> Task inputs
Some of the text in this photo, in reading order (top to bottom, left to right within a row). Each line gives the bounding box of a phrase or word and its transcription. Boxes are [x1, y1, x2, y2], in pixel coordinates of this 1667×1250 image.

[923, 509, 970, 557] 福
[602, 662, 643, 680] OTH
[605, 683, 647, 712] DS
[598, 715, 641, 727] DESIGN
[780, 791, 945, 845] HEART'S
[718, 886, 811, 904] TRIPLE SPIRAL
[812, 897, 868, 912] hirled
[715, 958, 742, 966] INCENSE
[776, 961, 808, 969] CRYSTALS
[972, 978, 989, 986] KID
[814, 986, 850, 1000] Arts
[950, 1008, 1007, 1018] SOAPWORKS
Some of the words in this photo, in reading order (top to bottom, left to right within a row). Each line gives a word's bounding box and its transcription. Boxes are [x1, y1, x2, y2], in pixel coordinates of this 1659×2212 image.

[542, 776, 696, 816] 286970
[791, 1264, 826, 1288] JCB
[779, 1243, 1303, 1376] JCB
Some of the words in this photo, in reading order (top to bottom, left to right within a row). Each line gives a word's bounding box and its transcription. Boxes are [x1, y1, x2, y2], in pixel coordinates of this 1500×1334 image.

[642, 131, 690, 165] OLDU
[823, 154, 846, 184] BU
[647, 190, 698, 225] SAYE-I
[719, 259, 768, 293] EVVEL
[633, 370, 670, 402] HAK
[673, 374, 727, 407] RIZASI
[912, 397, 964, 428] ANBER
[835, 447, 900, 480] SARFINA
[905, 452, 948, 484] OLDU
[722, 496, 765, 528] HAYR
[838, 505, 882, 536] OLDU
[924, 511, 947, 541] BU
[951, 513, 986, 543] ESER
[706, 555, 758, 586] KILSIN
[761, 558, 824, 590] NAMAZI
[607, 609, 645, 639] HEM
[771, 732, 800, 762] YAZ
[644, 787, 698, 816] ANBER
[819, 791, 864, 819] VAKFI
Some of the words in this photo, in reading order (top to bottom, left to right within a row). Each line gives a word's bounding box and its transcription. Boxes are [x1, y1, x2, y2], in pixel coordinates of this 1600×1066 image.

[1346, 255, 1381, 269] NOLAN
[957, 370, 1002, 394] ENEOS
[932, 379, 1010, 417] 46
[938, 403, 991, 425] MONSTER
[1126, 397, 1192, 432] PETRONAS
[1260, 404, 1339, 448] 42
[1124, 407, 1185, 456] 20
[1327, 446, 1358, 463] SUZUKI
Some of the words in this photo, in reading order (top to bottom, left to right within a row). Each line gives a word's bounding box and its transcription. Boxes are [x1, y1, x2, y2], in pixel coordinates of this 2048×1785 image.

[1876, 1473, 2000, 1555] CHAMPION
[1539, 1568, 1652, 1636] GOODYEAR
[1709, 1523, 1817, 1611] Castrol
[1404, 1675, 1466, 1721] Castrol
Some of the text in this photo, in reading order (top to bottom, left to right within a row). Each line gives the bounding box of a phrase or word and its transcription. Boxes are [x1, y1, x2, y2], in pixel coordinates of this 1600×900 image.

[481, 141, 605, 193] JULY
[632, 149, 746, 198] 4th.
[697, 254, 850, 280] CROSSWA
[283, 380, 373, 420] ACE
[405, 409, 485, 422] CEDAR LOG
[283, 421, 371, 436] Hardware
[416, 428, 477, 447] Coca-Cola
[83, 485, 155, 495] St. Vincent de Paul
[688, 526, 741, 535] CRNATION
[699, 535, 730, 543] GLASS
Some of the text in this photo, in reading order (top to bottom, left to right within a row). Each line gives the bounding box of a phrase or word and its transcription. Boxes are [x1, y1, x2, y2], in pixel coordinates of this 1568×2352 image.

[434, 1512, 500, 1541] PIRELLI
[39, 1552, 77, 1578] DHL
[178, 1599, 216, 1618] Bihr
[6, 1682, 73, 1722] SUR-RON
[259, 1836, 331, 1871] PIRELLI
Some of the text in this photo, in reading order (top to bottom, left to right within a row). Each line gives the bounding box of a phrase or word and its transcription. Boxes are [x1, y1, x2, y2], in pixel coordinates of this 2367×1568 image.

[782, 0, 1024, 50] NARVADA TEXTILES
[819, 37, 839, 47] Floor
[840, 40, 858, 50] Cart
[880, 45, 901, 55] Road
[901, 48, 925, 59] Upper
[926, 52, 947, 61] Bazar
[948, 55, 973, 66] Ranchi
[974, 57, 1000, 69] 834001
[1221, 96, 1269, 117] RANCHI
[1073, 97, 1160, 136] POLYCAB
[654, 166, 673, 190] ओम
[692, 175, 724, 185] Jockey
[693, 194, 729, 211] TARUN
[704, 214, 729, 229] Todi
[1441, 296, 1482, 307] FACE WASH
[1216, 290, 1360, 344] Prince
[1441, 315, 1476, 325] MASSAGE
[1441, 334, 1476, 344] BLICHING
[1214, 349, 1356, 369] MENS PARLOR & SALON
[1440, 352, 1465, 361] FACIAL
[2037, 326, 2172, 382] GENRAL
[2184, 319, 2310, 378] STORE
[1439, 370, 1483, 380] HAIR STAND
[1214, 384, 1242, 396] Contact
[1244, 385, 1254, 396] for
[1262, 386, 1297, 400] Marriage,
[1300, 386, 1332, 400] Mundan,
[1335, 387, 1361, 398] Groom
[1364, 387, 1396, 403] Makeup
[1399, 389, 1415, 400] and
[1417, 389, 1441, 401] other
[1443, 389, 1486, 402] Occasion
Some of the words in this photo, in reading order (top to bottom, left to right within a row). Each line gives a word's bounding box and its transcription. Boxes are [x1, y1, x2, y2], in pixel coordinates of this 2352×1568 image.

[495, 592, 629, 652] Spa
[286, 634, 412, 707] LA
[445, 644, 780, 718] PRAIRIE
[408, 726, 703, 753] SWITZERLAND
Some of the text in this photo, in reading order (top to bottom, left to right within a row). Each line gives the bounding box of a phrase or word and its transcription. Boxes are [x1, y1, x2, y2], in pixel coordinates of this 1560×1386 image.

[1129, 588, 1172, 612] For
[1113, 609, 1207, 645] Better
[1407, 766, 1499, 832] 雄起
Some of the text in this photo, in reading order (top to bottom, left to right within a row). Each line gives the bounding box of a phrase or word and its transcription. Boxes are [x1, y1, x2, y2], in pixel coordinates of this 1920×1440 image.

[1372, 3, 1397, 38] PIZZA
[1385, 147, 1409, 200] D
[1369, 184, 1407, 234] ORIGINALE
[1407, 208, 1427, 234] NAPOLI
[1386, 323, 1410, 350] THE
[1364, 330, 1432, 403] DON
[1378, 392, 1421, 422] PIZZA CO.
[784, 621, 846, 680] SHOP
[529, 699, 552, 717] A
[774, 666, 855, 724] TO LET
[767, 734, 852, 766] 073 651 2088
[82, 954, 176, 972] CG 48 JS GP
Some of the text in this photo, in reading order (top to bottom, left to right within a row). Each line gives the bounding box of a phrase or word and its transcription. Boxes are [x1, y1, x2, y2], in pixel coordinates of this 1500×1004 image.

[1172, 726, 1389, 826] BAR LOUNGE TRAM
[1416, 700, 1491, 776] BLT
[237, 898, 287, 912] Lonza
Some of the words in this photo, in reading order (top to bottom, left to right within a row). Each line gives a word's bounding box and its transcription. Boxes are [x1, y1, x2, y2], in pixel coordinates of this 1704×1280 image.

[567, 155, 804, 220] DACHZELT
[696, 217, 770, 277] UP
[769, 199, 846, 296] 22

> What to do
Every line from the one that holds "this 1704×1280 image." to the end of the data above should be given again exactly, with that line and the last one both kept.

> Solved problem
Some of the words in this photo, in reading order (top to bottom, left to right within a row). Each line gives a word's bounding box and its transcription. Boxes are [x1, y1, x2, y2], in pixel coordinates of this 1704×1280 image.

[567, 155, 804, 220] DACHZELT
[696, 217, 770, 277] UP
[769, 199, 846, 296] 22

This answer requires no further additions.